WHAT TO WORK ON: Please return the data that follows precisely as written, but without the images.

Spatial localization data
++++++++
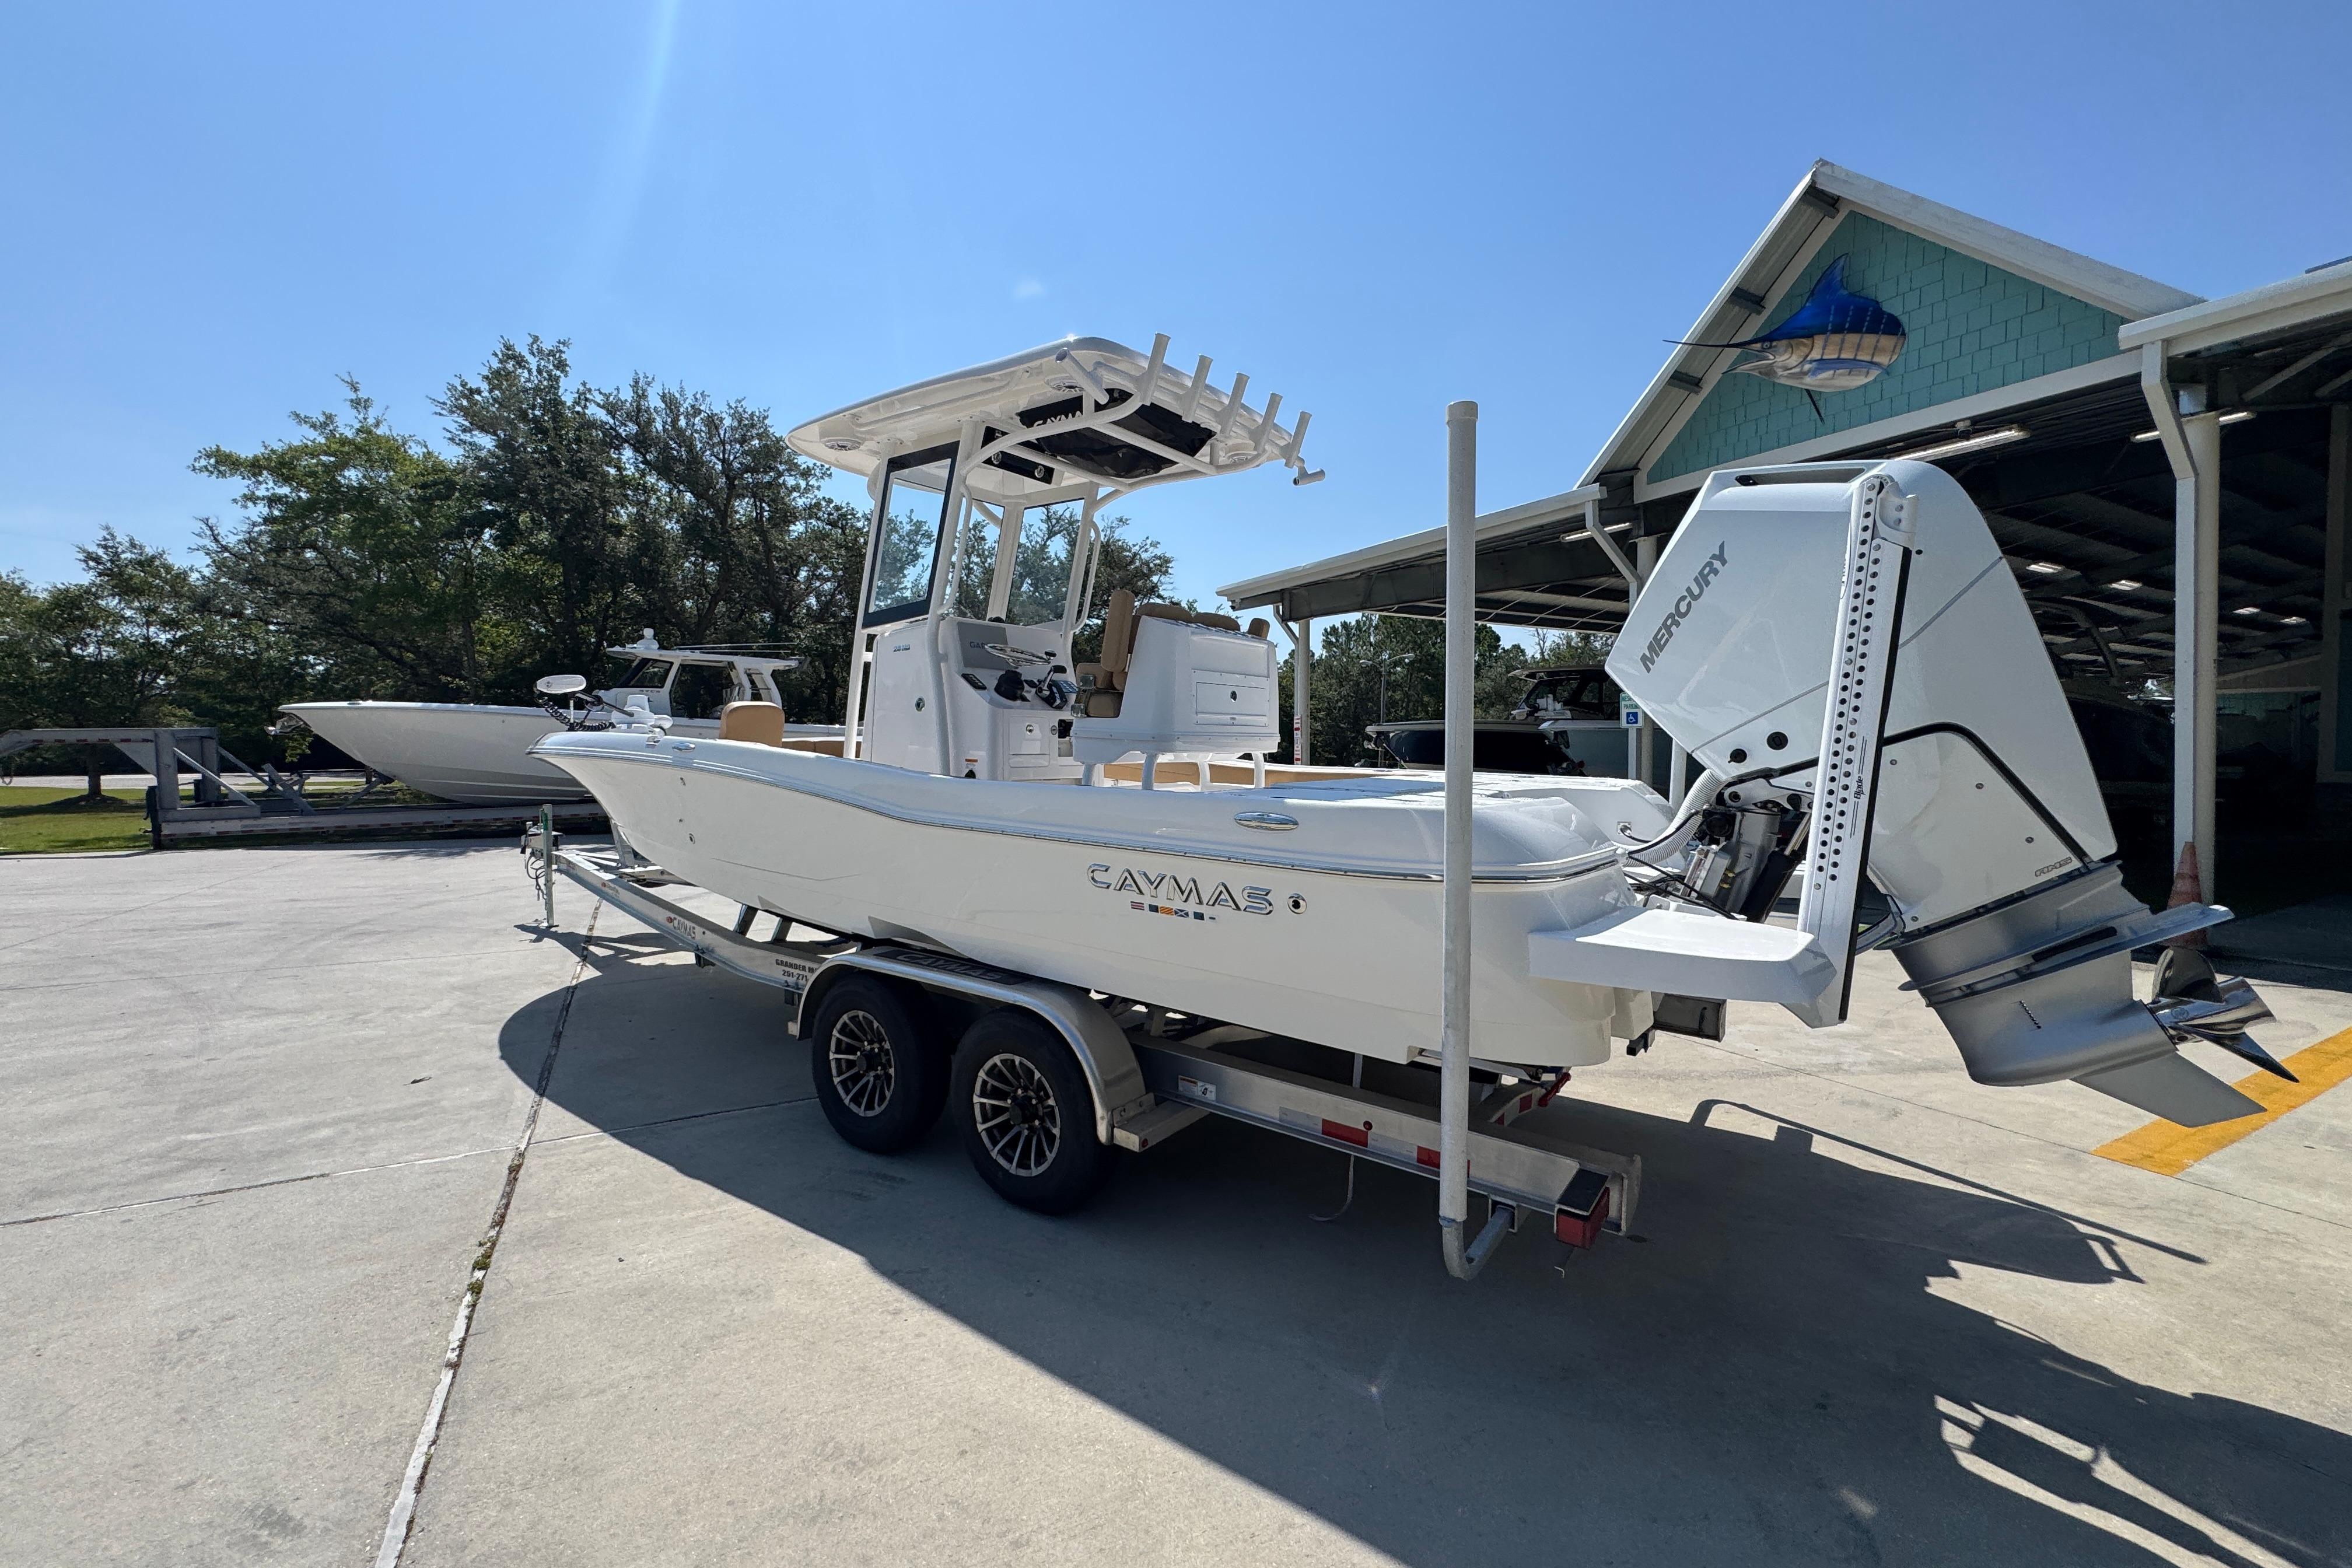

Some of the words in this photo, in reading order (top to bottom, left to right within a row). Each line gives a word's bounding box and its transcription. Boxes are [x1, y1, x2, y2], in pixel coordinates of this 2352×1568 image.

[1640, 541, 1728, 674] MERCURY
[1853, 775, 1866, 800] Blade
[1087, 863, 1274, 915] CAYMAS
[673, 916, 696, 940] CAYMAS
[775, 958, 807, 972] GRANDER
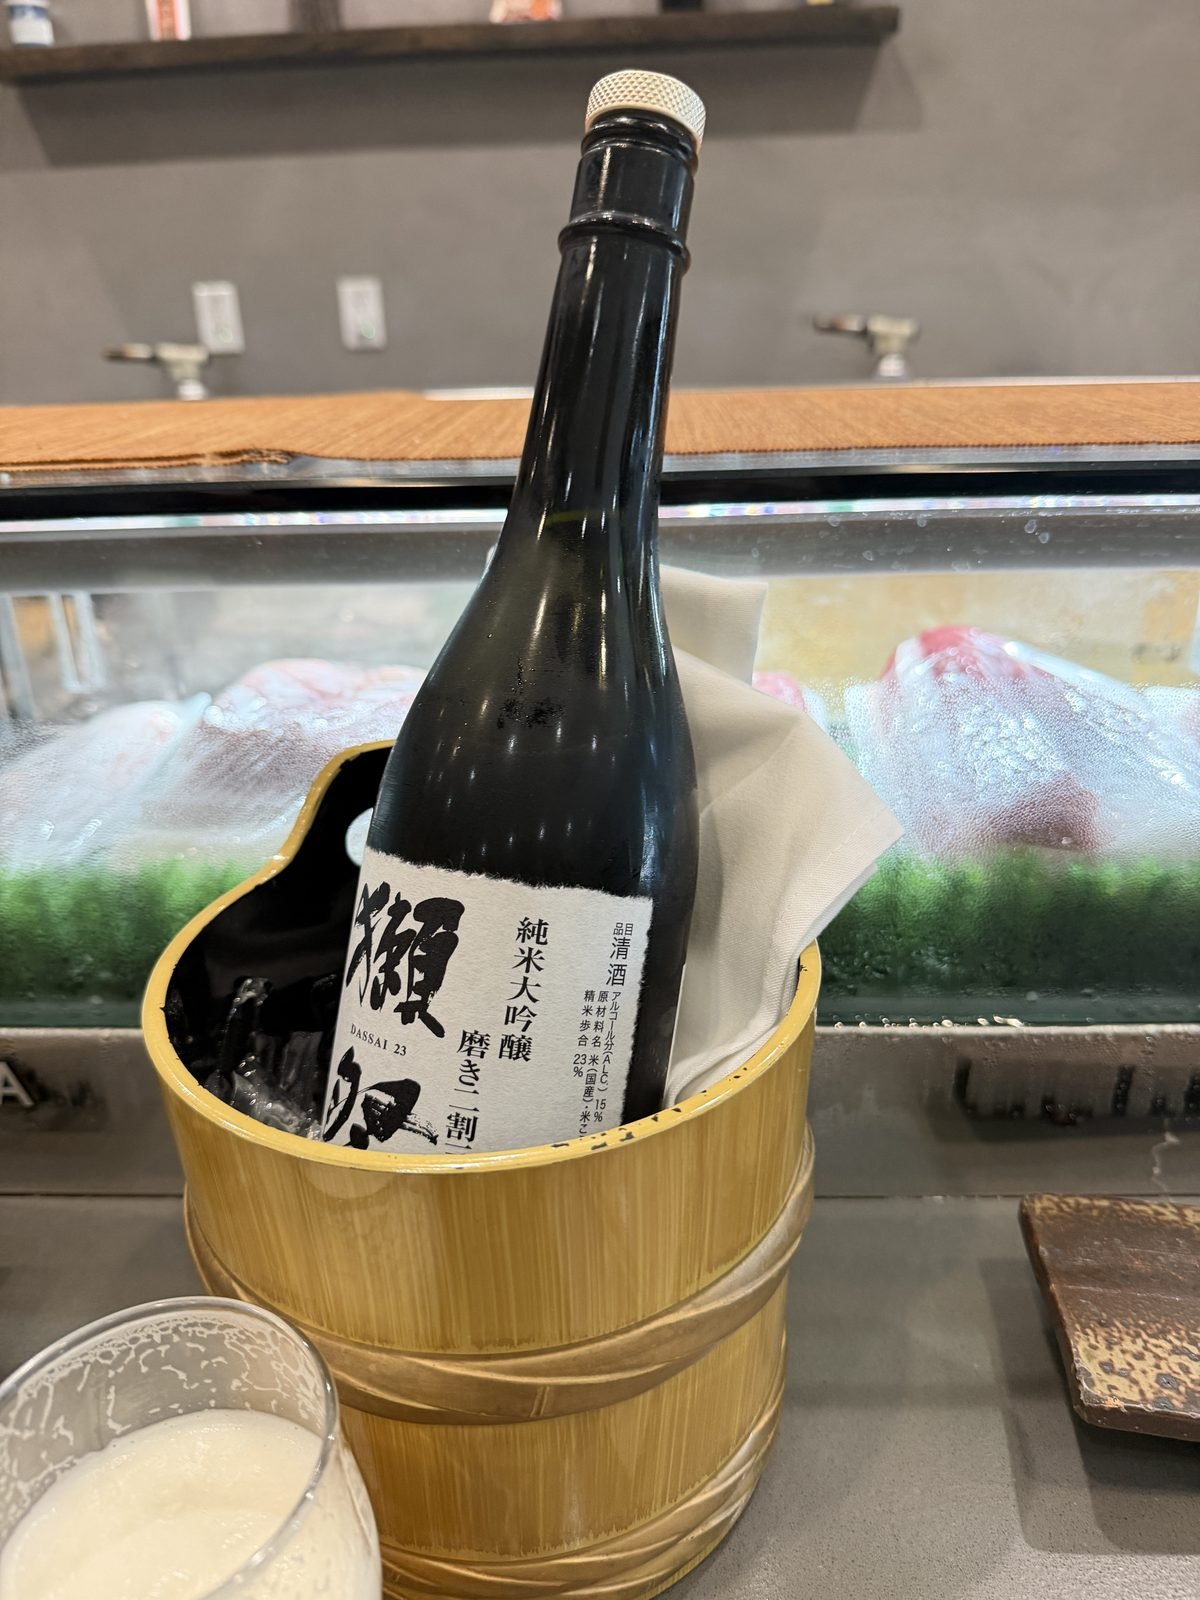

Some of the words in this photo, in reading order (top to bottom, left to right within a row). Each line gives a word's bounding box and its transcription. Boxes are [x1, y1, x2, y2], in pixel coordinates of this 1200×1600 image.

[498, 916, 549, 1063] 純米大吟醸
[350, 1023, 388, 1050] DASSAI
[393, 1043, 407, 1057] 23
++++++++
EXERCISE RESPONSE:
Some of the words in this photo, in reading order (top to bottom, left to right within a row). Each line gives a word's bounding box and its transcription. Boxes are [x1, y1, x2, y2], in pixel coordinates of this 2352×1568 image.

[1640, 541, 1728, 674] MERCURY
[1853, 775, 1866, 800] Blade
[1087, 863, 1274, 915] CAYMAS
[673, 916, 696, 940] CAYMAS
[775, 958, 807, 972] GRANDER

Some of the words in this photo, in reading order (top to bottom, left to right within a row). Each line gives a word's bounding box and its transcription. Boxes are [x1, y1, x2, y2], in pixel coordinates of this 1200×1600 image.

[498, 916, 549, 1063] 純米大吟醸
[350, 1023, 388, 1050] DASSAI
[393, 1043, 407, 1057] 23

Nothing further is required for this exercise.